Annotated photo localization data
§ §

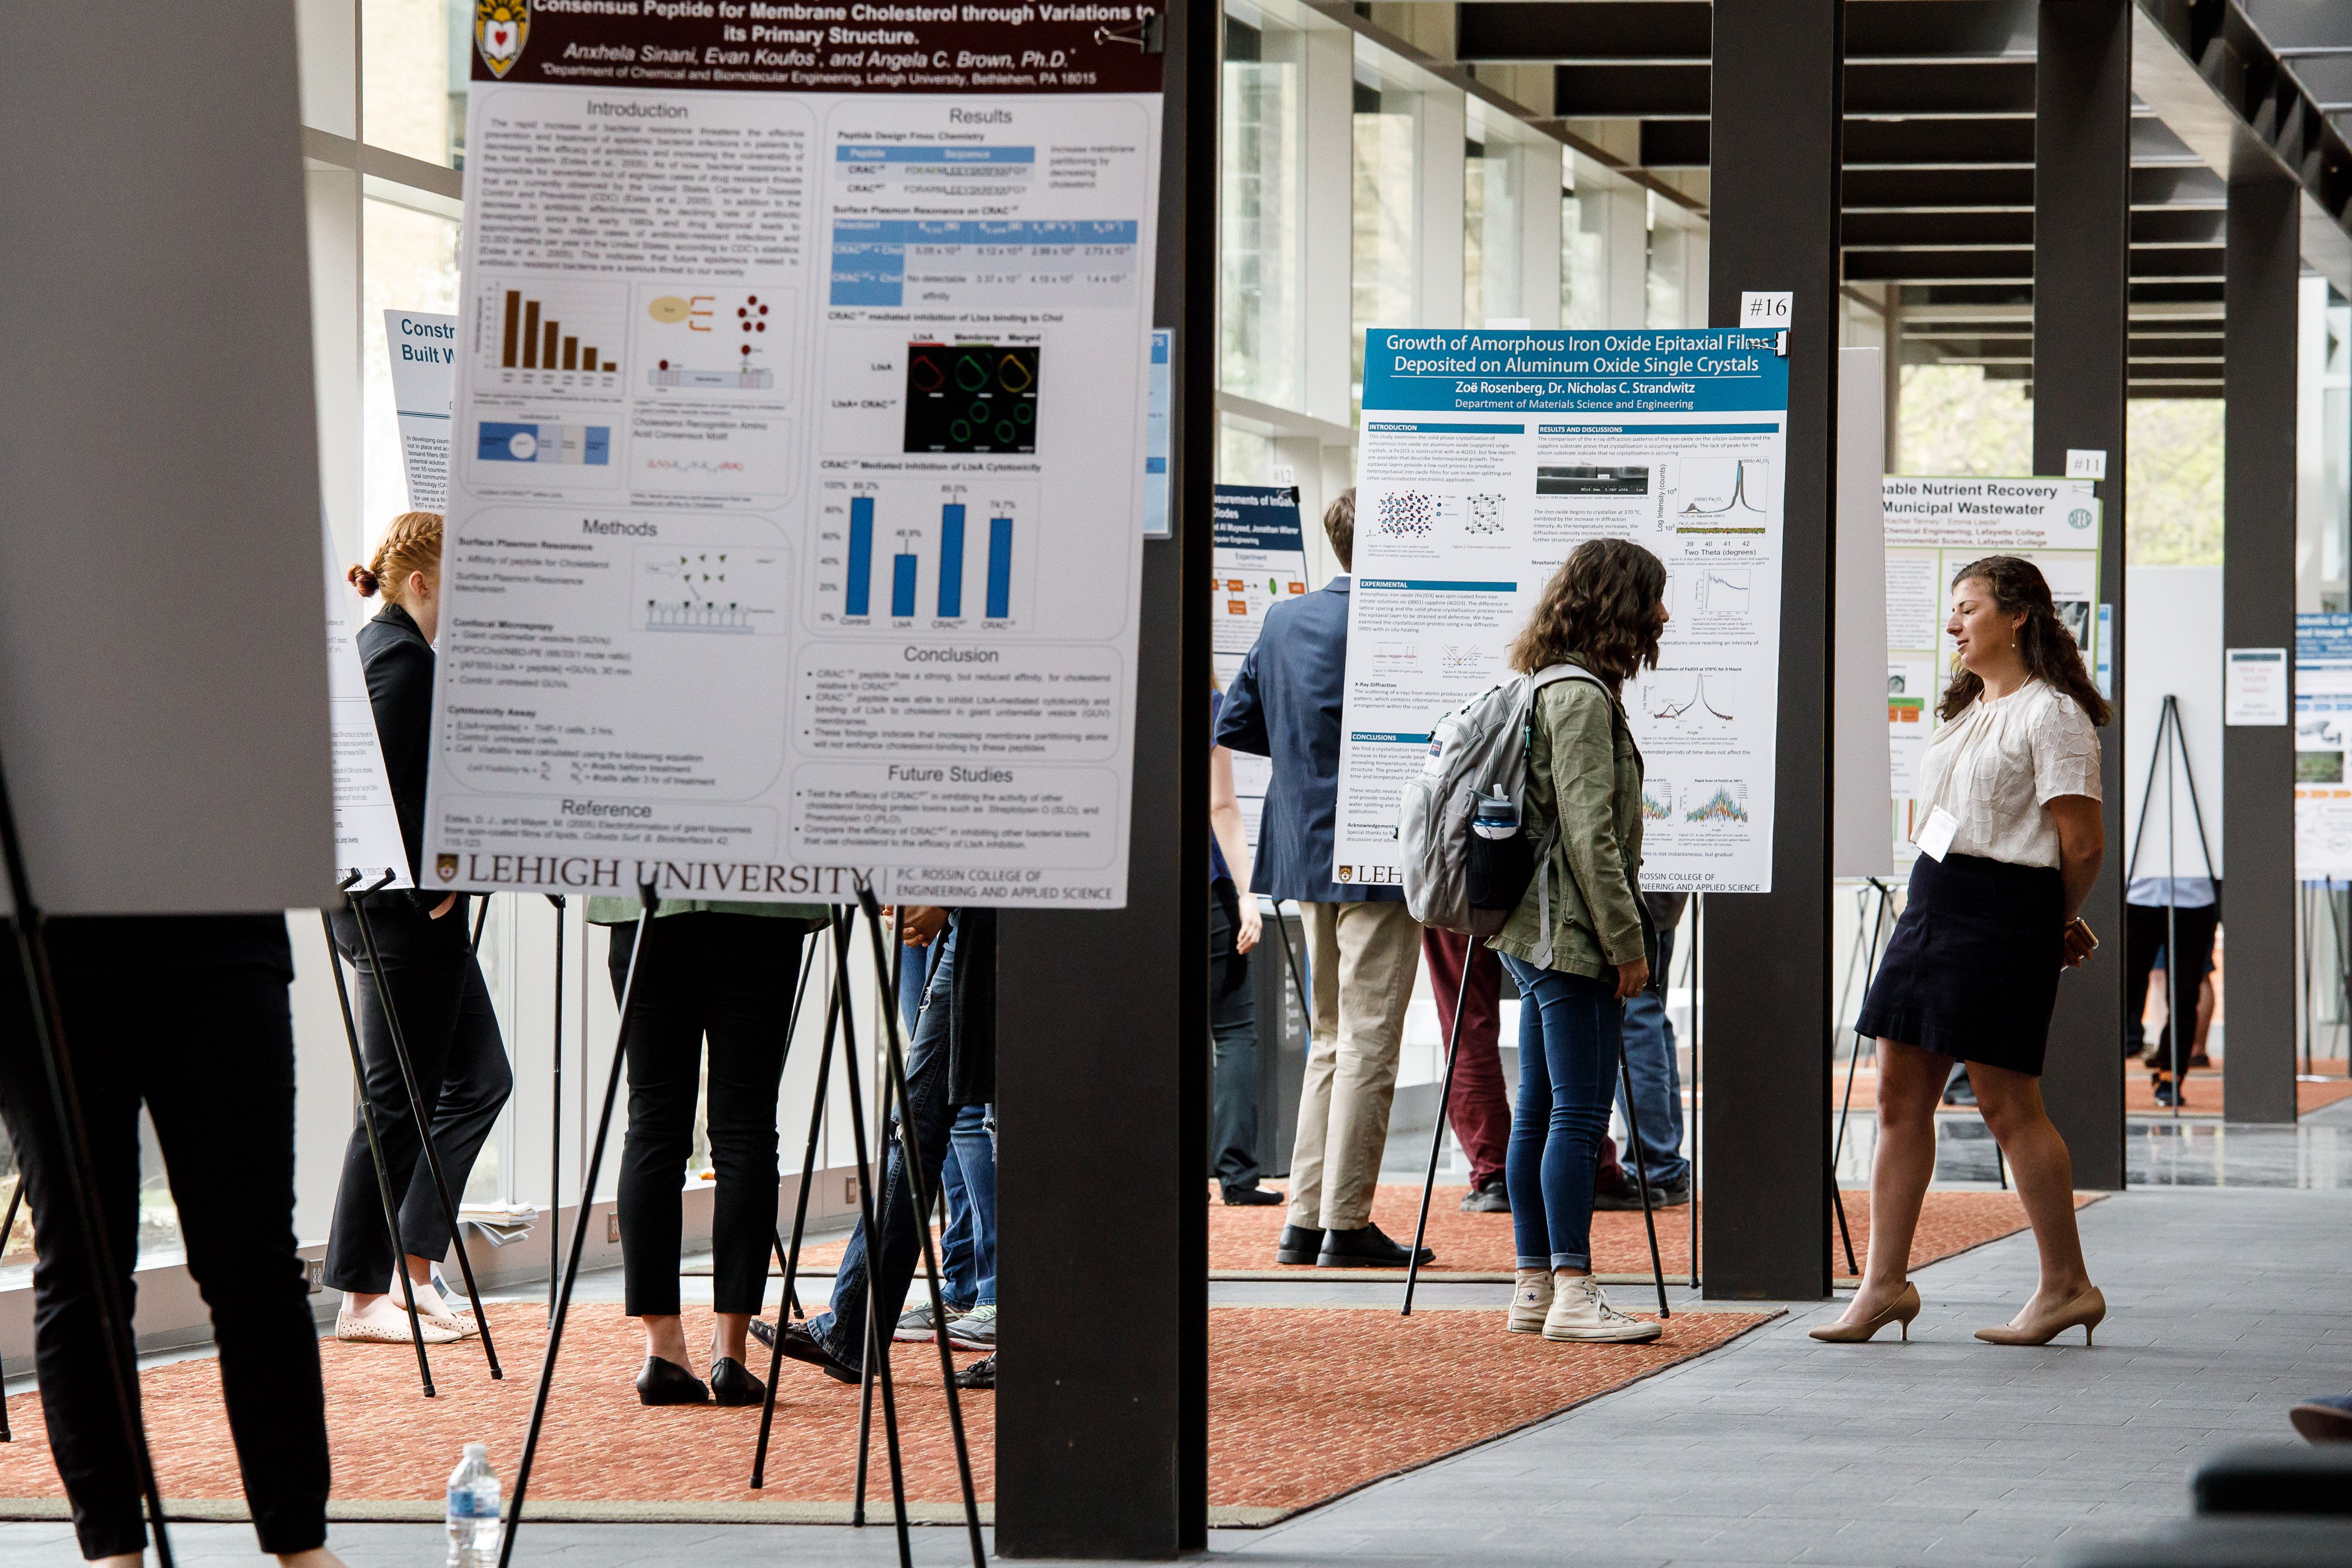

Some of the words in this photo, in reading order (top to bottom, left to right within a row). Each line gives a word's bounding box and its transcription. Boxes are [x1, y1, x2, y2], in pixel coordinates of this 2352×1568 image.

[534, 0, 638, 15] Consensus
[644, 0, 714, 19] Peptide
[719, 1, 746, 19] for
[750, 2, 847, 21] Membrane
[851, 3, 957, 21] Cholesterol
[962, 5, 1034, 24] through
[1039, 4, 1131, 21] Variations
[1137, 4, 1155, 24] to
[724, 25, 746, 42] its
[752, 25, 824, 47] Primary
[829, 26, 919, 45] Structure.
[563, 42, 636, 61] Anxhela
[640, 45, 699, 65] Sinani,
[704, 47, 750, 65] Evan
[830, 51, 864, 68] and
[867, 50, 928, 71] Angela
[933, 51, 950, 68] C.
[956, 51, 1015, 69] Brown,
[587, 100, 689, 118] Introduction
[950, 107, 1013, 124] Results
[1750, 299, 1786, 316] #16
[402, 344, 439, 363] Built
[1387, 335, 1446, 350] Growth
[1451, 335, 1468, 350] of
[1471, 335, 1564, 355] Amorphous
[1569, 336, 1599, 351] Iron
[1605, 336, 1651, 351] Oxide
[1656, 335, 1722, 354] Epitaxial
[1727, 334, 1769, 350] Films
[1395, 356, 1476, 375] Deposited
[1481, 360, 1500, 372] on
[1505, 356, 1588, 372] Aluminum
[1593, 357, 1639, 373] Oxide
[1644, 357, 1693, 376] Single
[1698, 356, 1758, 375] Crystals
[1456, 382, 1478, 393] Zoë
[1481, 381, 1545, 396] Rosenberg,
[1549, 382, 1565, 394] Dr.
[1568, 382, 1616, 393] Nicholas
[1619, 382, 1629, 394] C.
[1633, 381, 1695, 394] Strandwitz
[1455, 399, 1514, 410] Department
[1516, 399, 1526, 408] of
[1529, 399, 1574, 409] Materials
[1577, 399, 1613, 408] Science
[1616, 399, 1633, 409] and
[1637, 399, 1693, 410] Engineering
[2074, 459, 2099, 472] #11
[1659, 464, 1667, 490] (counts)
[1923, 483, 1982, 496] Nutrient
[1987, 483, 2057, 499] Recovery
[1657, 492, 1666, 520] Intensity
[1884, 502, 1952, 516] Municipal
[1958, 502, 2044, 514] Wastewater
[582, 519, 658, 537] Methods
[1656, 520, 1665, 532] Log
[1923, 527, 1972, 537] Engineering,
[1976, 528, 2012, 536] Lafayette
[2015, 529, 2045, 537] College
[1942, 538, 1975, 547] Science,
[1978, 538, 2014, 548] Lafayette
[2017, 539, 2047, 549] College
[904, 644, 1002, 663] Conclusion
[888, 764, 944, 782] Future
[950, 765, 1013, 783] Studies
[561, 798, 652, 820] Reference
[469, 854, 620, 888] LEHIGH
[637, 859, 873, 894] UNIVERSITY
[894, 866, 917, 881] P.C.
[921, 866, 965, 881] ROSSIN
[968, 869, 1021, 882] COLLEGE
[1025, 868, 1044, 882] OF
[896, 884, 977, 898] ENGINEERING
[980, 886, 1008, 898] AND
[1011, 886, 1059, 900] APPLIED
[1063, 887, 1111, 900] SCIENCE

§ §

[Task details]: The job here is to write out the records exactly, pictures excluded.

[Written response]:
Some of the words in this photo, in reading order (top to bottom, left to right within a row). Each line gives a word's bounding box and its transcription. Boxes are [x1, y1, x2, y2], in pixel coordinates of this 2352×1568 image.

[534, 0, 638, 15] Consensus
[644, 0, 714, 19] Peptide
[719, 1, 746, 19] for
[750, 2, 847, 21] Membrane
[851, 3, 957, 21] Cholesterol
[962, 5, 1034, 24] through
[1039, 4, 1131, 21] Variations
[1137, 4, 1155, 24] to
[724, 25, 746, 42] its
[752, 25, 824, 47] Primary
[829, 26, 919, 45] Structure.
[563, 42, 636, 61] Anxhela
[640, 45, 699, 65] Sinani,
[704, 47, 750, 65] Evan
[830, 51, 864, 68] and
[867, 50, 928, 71] Angela
[933, 51, 950, 68] C.
[956, 51, 1015, 69] Brown,
[587, 100, 689, 118] Introduction
[950, 107, 1013, 124] Results
[1750, 299, 1786, 316] #16
[402, 344, 439, 363] Built
[1387, 335, 1446, 350] Growth
[1451, 335, 1468, 350] of
[1471, 335, 1564, 355] Amorphous
[1569, 336, 1599, 351] Iron
[1605, 336, 1651, 351] Oxide
[1656, 335, 1722, 354] Epitaxial
[1727, 334, 1769, 350] Films
[1395, 356, 1476, 375] Deposited
[1481, 360, 1500, 372] on
[1505, 356, 1588, 372] Aluminum
[1593, 357, 1639, 373] Oxide
[1644, 357, 1693, 376] Single
[1698, 356, 1758, 375] Crystals
[1456, 382, 1478, 393] Zoë
[1481, 381, 1545, 396] Rosenberg,
[1549, 382, 1565, 394] Dr.
[1568, 382, 1616, 393] Nicholas
[1619, 382, 1629, 394] C.
[1633, 381, 1695, 394] Strandwitz
[1455, 399, 1514, 410] Department
[1516, 399, 1526, 408] of
[1529, 399, 1574, 409] Materials
[1577, 399, 1613, 408] Science
[1616, 399, 1633, 409] and
[1637, 399, 1693, 410] Engineering
[2074, 459, 2099, 472] #11
[1659, 464, 1667, 490] (counts)
[1923, 483, 1982, 496] Nutrient
[1987, 483, 2057, 499] Recovery
[1657, 492, 1666, 520] Intensity
[1884, 502, 1952, 516] Municipal
[1958, 502, 2044, 514] Wastewater
[582, 519, 658, 537] Methods
[1656, 520, 1665, 532] Log
[1923, 527, 1972, 537] Engineering,
[1976, 528, 2012, 536] Lafayette
[2015, 529, 2045, 537] College
[1942, 538, 1975, 547] Science,
[1978, 538, 2014, 548] Lafayette
[2017, 539, 2047, 549] College
[904, 644, 1002, 663] Conclusion
[888, 764, 944, 782] Future
[950, 765, 1013, 783] Studies
[561, 798, 652, 820] Reference
[469, 854, 620, 888] LEHIGH
[637, 859, 873, 894] UNIVERSITY
[894, 866, 917, 881] P.C.
[921, 866, 965, 881] ROSSIN
[968, 869, 1021, 882] COLLEGE
[1025, 868, 1044, 882] OF
[896, 884, 977, 898] ENGINEERING
[980, 886, 1008, 898] AND
[1011, 886, 1059, 900] APPLIED
[1063, 887, 1111, 900] SCIENCE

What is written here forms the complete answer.